There are other good reasons to employ a colloidal magnetic material for such separations, providing an appropriate magnetic loading can be achieved. With appropriate loading, a sufficient force is exerted on a cell such that isolation can be achieved even in a media as viscous as that of moderately diluted whole blood. As noted, colloidal magnetic materials below about 200 nanometers will exhibit Brownian motion which markedly enhances their ability to collide with and magnetically label rare cells. This is demonstrated in U.S. Pat. No. 5,541,072 where results of very efficient tumor cell purging experiments are described employing colloidal magnetic particles or ferrofluids having a mean diameter of 100 nm. Just as importantly, colloidal materials having a particle size at or below this size range do not generally interfere with examination of cells. Cells so retrieved can be examined by flow cytometry, laser scanning microscopy, or by microscopy employing visible or fluorescent techniques.SUMMARY OF THE INVENTION
The present invention provides a rapid and efficient screening method for the characterization of not only tumor cells, but also rare cells, or other biological entities from biological samples. The method of the invention provides highly sensitive analytical techniques which enable efficient enrichment for entities of interest. This two stage methodology which ensures enrichment of target bioentities while eliminating a substantial amount of debris and other interfering substances prior to analysis, allows for examination of sample sizes which would otherwise be impractical. The method described herein combines elements of immunomagnetic enrichment with multiparameter flow cytometric, microscopic and immunocytochemical analysis in a unique way. Other means of enrichment such as density gradient centrifugation or panning or alteration of target cell density by appropriate labeling may also be utilized. According to a preferred embodiment, the method of the invention enables assaying whole blood for cancer staging, monitoring and screening. The sensitive nature of the assay facilitates the detection of residual disease, thus making it possible to monitor for cancer recurrence.
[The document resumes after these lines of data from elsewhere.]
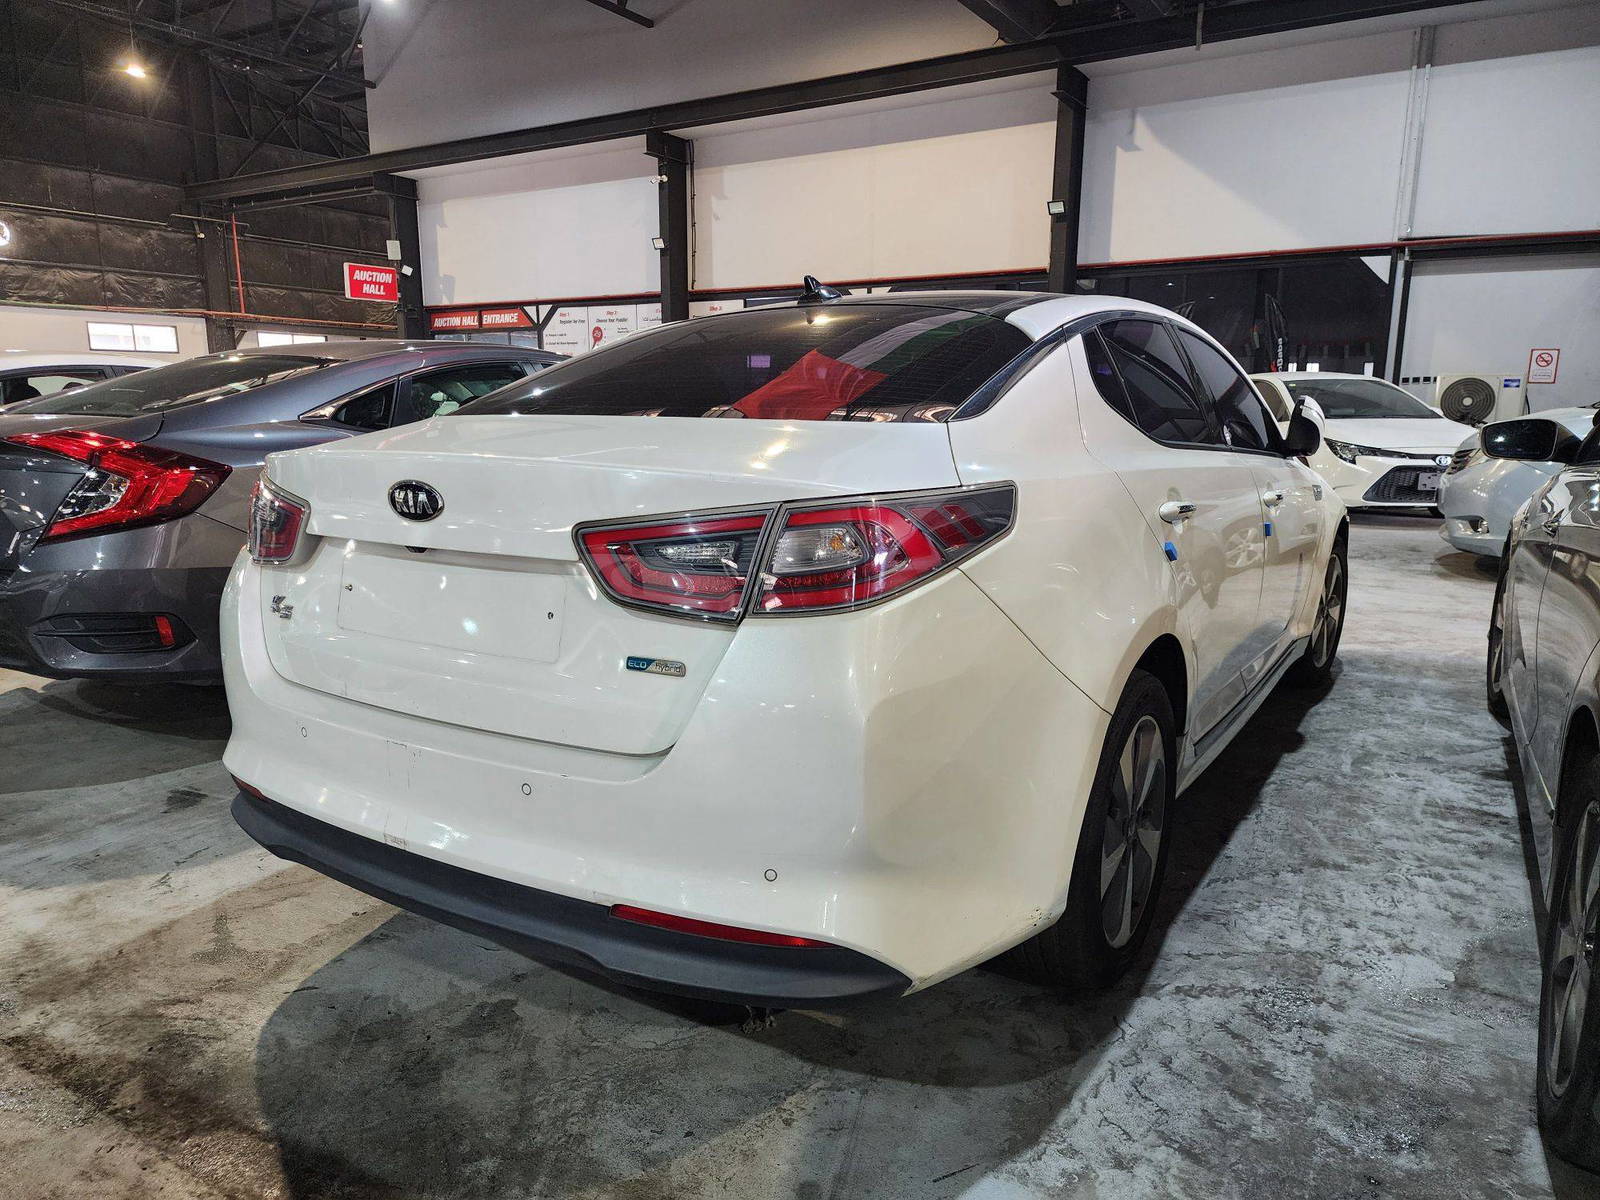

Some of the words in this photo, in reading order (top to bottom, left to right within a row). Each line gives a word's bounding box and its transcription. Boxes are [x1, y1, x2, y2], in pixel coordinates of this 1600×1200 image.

[353, 269, 392, 283] AUCTION
[362, 283, 386, 295] HALL
[434, 317, 461, 327] AUCTION
[462, 315, 478, 326] HALL
[483, 313, 519, 324] ENTRANCE
[393, 488, 434, 514] KIA
[628, 660, 647, 669] ECO
[655, 661, 681, 673] hybrid
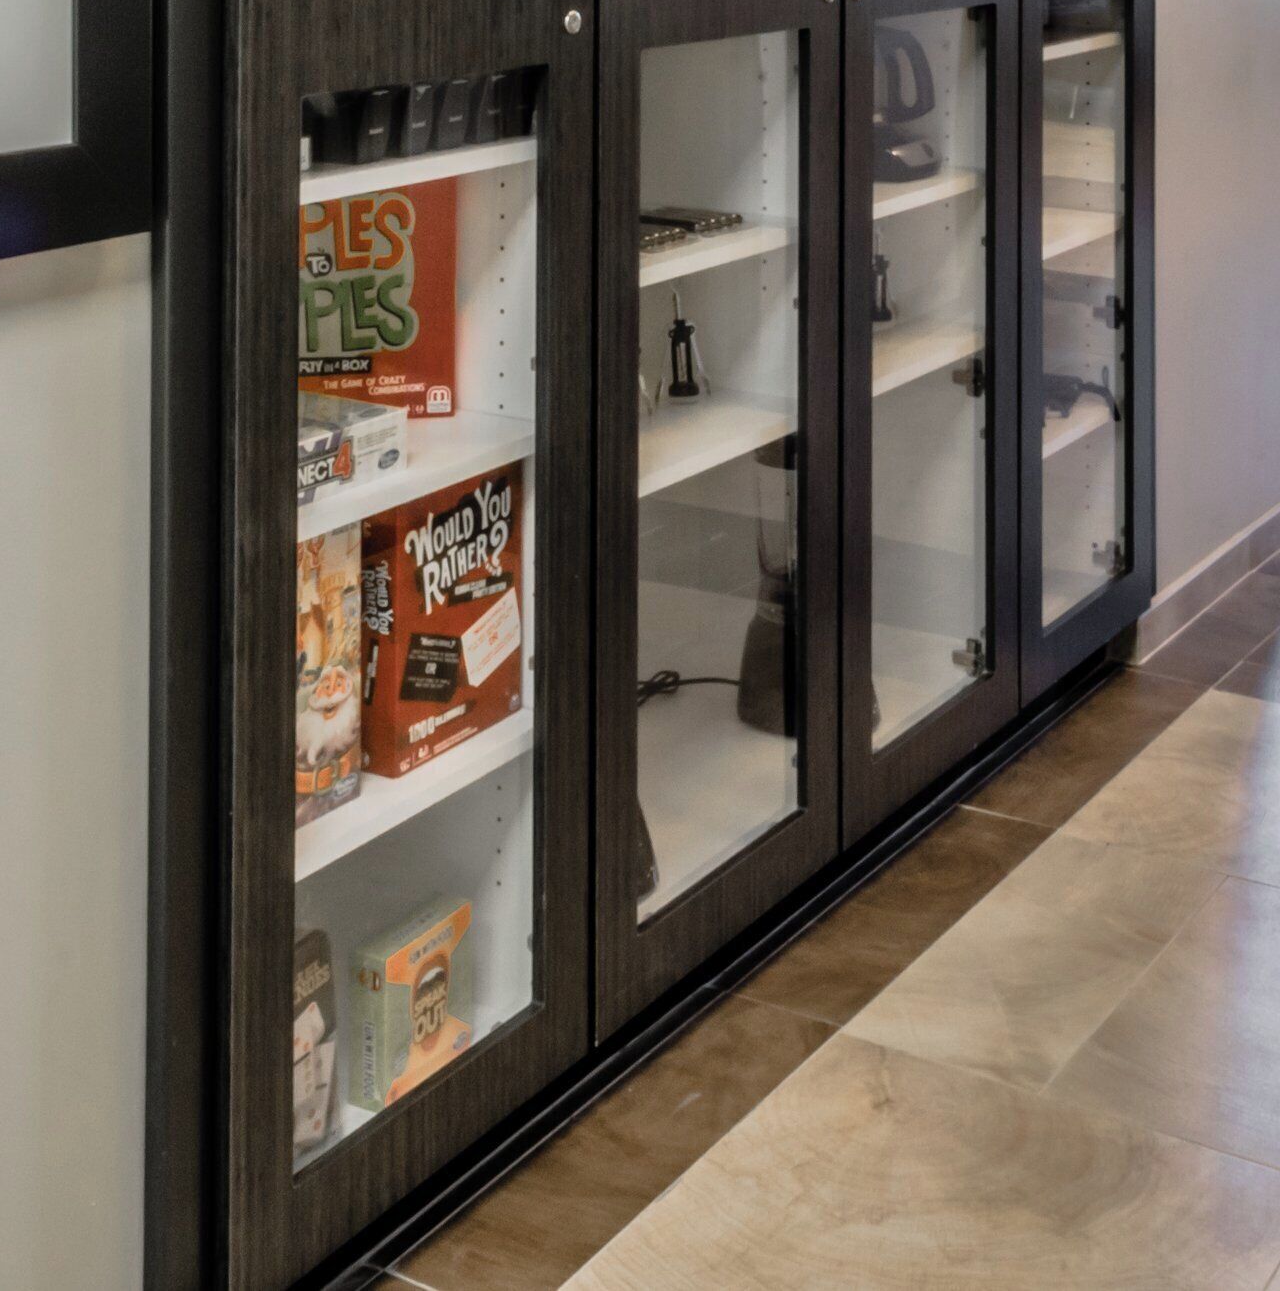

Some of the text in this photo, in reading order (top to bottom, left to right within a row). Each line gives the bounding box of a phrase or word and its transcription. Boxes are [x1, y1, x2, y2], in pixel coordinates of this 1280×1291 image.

[341, 360, 369, 371] BOX
[404, 481, 511, 567] WOULD YOU
[375, 560, 394, 636] WOULD YOU
[423, 520, 509, 616] RATHER?
The present invention incorporates a method to conjugate different antibodies to the same ferrofluid. This has the effect of making the ferrofluid bi-, tri, or polyspecific with respect to the antigens that the ferrofluid will bind. The multiple antibodies present on the same ferrofluid do not appear to block or otherwise interfere with each other. Such ferrofluids have the highly desirable effect of being able to bind specifically to more than one type of cell, enabling the ability to capture CTCs that have low EpCAM expression, but high expression of other tumor markers;
In one embodiment of the invention, a biological specimen, which comprises a mixed cell population suspected of containing the rare cell of interest is obtained from a patient. An immunomagnetic sample is then prepared by mixing the biological specimen with (i) magnetic particles which are coupled to a biospecific ligand specifically reactive with a rare cell determinant or a class of determinants different than those found on blood cells, to the substantial exclusion of other sample components, and (ii) at least one biospecific reagent which labels rare cells. The resulting immunomagnetic sample is subjected to a magnetic field which is effective to separate the sample into an unlabeled fraction and a labeled, magnetic fraction including the rare cell of interest, if any is present in the specimen. The cell population so isolated is then analyzed to determine the presence and number of rare cells. In a preferred embodiment the particles used in this method are colloidal nanoparticles.
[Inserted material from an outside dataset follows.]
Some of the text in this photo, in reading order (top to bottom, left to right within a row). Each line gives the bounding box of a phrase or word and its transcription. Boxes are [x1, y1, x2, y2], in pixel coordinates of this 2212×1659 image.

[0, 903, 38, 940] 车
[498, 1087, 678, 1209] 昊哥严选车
The present invention allows for an improved detection of CTCs in pancreatic cancer patients. Using polyspecific capture and detection reagents, instead of the anti-EpCAM only reagents, polyspecific reagents such as, but not limited to, anti-EpCAM used as controls together with several other antibodies which recognize different antigens on CTCs are used to detect circulating cancer cells, previously undetected in the blood of patients. The capture reagent is referred to as polyspecific capture reagent as it recognizes several antigens. As a result, the CTC capture does not depend on EpCAM antigen alone and CTCs are captured even if the EpCAM antigen is not expressed provided other antigens selected for the capture are present on CTCs. The ability to create polyspecific ferrofluids that have sufficient binding capacity, low non-specific binding, and no cross blocking of the antibodies enables the capture of all the various types of CTCs; along with the use of an appropriately specific detection cocktail of antibodies. In the present invention, a cocktail of antibodies specific for CTCs, instead of a single antibody are conjugated to ferrofluid for the capture to minimize CTC capture dependence on a single target. Moreover, additional antibodies for the detection are used to cover a more broad range of antigens. Although the present invention deals with the field of circulating tumor cells, other forms of rare cell analysis in the blood are considered.
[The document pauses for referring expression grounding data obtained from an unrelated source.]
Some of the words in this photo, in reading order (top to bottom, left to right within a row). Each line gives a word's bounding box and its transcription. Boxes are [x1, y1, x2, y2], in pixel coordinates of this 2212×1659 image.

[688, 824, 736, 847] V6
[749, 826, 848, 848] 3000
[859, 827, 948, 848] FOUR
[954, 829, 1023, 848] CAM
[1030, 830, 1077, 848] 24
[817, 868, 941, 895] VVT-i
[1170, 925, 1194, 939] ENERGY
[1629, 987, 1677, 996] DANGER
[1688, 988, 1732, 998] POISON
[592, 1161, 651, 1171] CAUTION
According to a preferred embodiment, the present invention provides compositions, methods and kits for the rapid and efficient isolation of rare target bioentities from biological samples using polyspecific ferrofluids. The methods described may be used effectively to isolate and characterize tumor cells present in a blood sample while at the same time minimizing the selection of non-specifically bound cells.
Using multiple capture and detections reagents as described herein, rare cell assays are further improved upon from the single target molecule used previously. This modification improves the capture and detection of rare cells such as, but not limited to, pancreatic CTCs. In addition, the non-epithelial markers such as mesenchymal markers (n-cadherin) can be used in conjunction with epithelial markers to capture both epithelial and mesenchymal tumor cells. The present invention enables the simultaneous detection of different populations of rare cells, such as CTCs and different populations of tumor cells.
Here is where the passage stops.